Sweet Potato Risotto

I love food. I love everything about it from how it is grown to how it is made and finally, the way it taste. So I thought to myself, I blog, I cook, I eat, I should do all three together. So this my friends is the start of my food blog. Please enjoy..

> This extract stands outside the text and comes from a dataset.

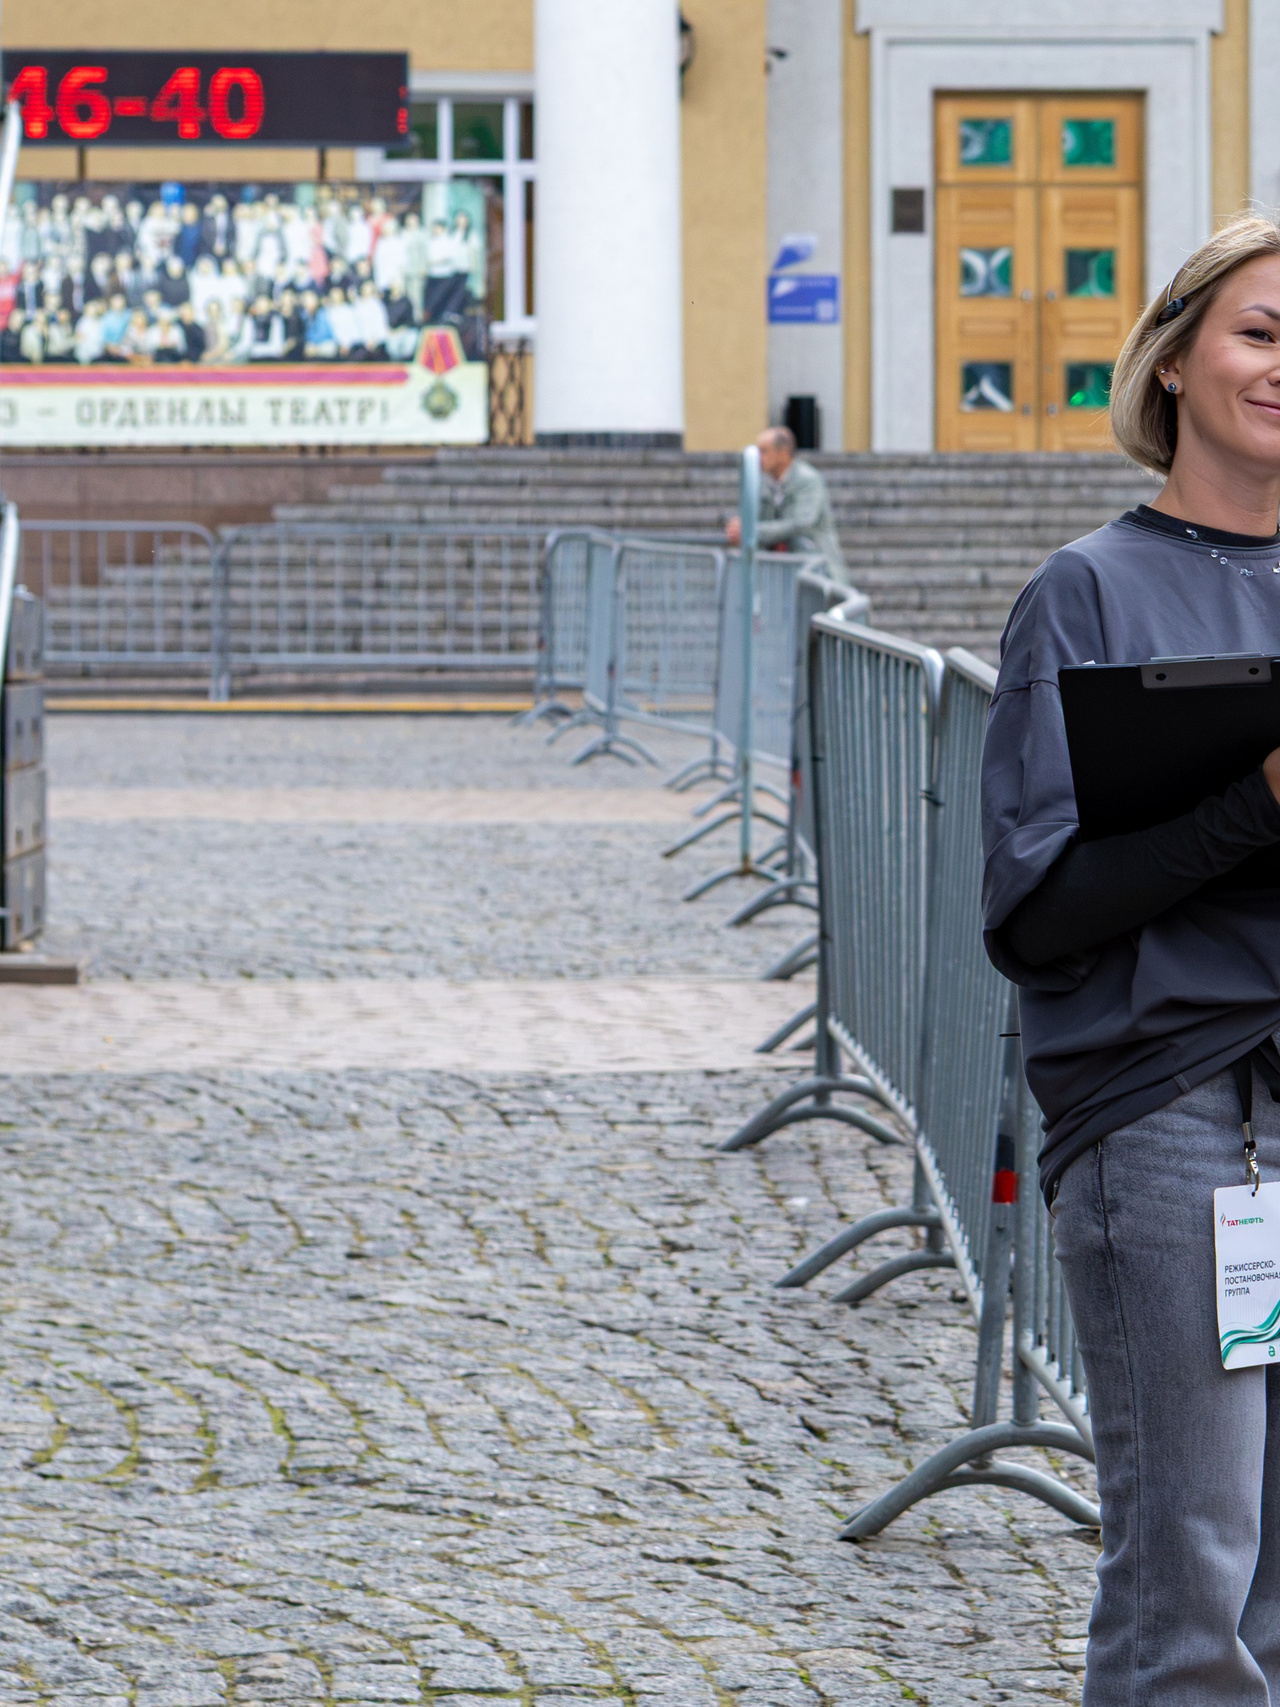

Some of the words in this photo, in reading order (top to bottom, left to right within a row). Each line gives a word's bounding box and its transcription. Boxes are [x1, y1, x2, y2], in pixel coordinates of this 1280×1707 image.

First up on the menu Sweet Potato Risotto.
It seems that even the best of places fail to make risotto, and I mean good creamy cheesy risotto. For those of you who aren't familiar, shame on you. Risotto is a rice dish and can be friends with veggies or meat or alone with tons of parmesan cheese and pepper. This is a recipe I saw then toyed around with to get it to be perfect. I recommend serving with a large salad of your choice and white wine. Bon appetit!!

The dish will need:
  • 2 tablespoons olive oil
  • 1 large onion, finely chopped
  • Kosher salt and black pepper
  • 2 small sweet potatoes (about 1 pound), cut into 1/4-inch pieces
  • 2 cloves garlic, chopped
  • 1 cup Arborio rice
  • 1 cup dry white wine
  • 1/2 cup grated Parmesan (2 ounces)
  • 2 teaspoons chopped fresh oregano


  1. Heat the oil in a large saucepan over medium heat. Add the onion, ½ teaspoon salt, and ¼ teaspoon pepper. Cook, stirring occasionally, until soft, 4 to 6 minutes. Add the sweet potatoes and garlic and cook, stirring occasionally, for 2 minutes.
  2. Add the rice and cook, stirring, for 2 minutes. Add the wine and cook, stirring frequently, until absorbed.
  3. Measure 3½ cups of water. Add ¾ cup at a time and cook, stirring occasionally and waiting until each addition is absorbed before adding the next. It should take 25 to 30 minutes for all the water to be absorbed.
  4. Stir in the Parmesan and oregano.

1 comment:

  1. I also like to add in 1 large pack of baby bella mushrooms and half a bunch of asparagus chopped.